Holtz had been living there for four years. “She had dementia and was enrolled in hospice care,” reported the April 6 Washington Post. She worked much of her life as a secretary, raising her family in the nearby small town of Algoma. Like almost all older workers in assisted living, she lost her entire life savings to the facility’s bosses to pay for her stay there. So she turned to Medicaid to pay for the last two years.
The federal government does not provide any data on the frequency of these evictions. But about 4.4 million people have some form of long-term care paid for by Medicaid, and nearly 150,000 are in U.S. assisted-living facilities. And today a wave of 73 million “baby boomers” is hitting an age where this is likely to be their future, as they need more day-to-day care than families can provide.
At the same time, President Joseph Biden’s administration has announced the COVID-19 pandemic is over — despite thousands of hospitalizations and over 1,500 deaths weekly — meaning state governments are tossing some 15 million people off Medicaid.
Evictions have become common in many states. In Wisconsin, at least four facilities have canceled Medicaid managed-care contracts in recent months. One of them being Cedarhurst of Madison, where 28 residents were called together in a group meeting and told to evacuate, the Post reported.
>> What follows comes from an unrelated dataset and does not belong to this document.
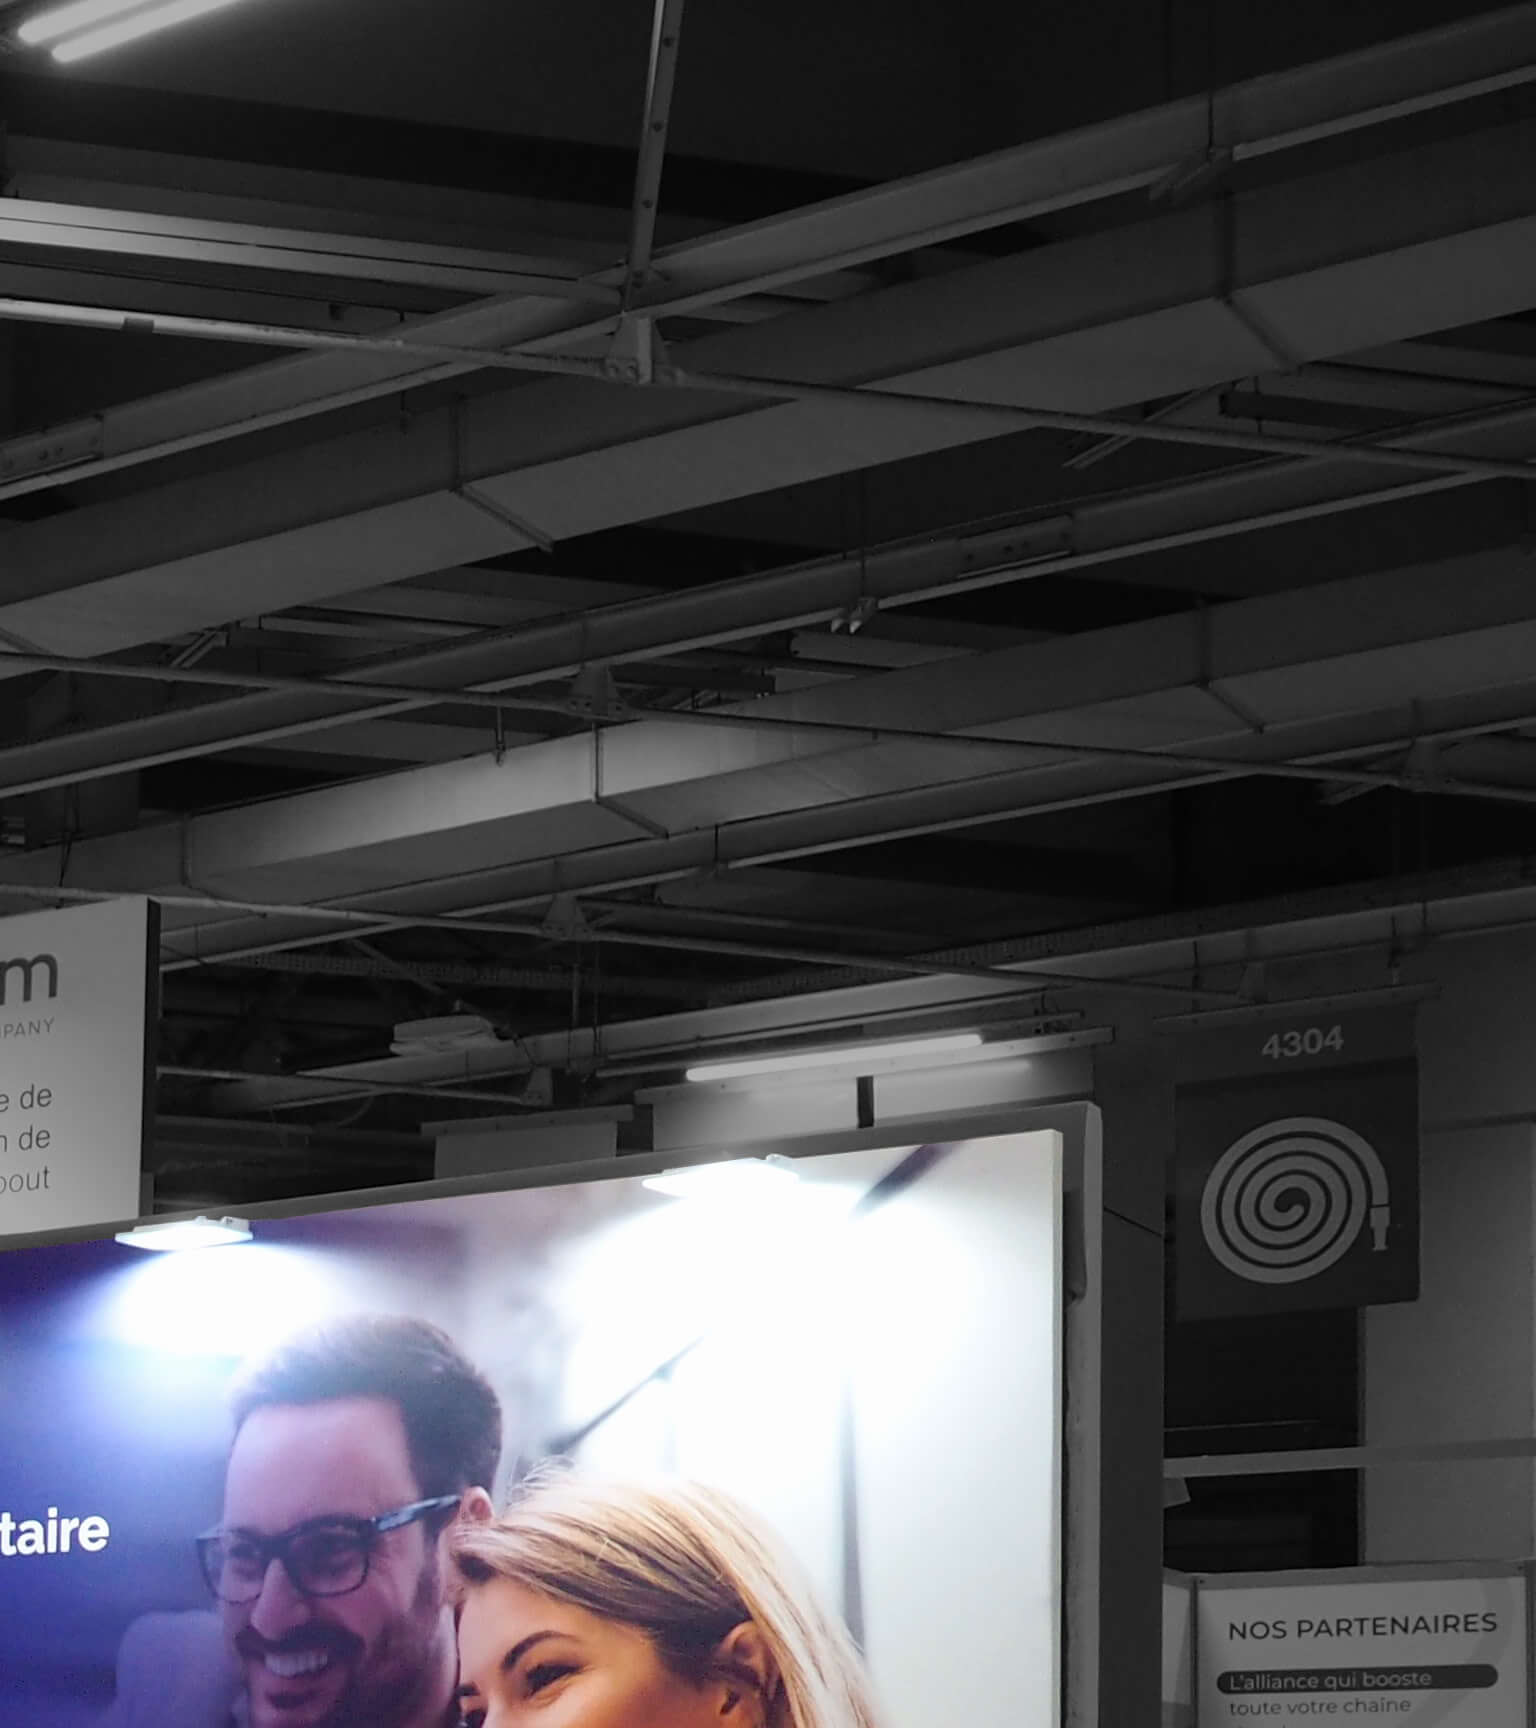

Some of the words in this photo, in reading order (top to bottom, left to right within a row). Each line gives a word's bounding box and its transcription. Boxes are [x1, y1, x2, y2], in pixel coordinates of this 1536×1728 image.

“Residents were in tears to hear they had to find another place to live,” Elizabeth Burnette, 80, told the Post. “Most of us are incapacitated in some way, with walkers and in wheelchairs or mobile beds.”
Nursing homes drive for profit
The Cedarhurst facility is owned by a real estate investment firm, Diversified Healthcare Trust. Bosses there decided to dump Medicaid patients, allowing 100% of the spaces at the Madison facility to be filled at much more profitable private pay rates.
The median operating profit for U.S. assisted-living facilities in 2019 was a huge 29%, the National Investment Center for Seniors Housing & Care reports.
For many of those seeking a spot in assisted-living facilities, they’re told that if they pay full rates until all of savings are exhausted, and anything remaining, like their homes, is turned over, then they can remain under Medicaid. But contracts drawn up by facility owners bury in fine print exceptions, including the “right” to change their policies at will.
“It’s appalling,” Megan Brillault told the Post. Her mother, Nancy Brillault, was evicted from HarborChase of Shorewood after spending most of her $120,000 savings. “They said, ‘Here, let us take your money, all your life savings, and you can live here forever,’ and 10 months later they’re saying, ‘We miscalculated, and we are no longer taking Medicaid beds.’”
Owners of assisted-living facilities promote their facilities as a better and healthier alternative to the wretched conditions facing working people in many nursing homes. While federal law protects Medicaid beneficiaries in nursing homes from eviction, this protection doesn’t apply to assisted-living facilities.
Isn’t capitalism great?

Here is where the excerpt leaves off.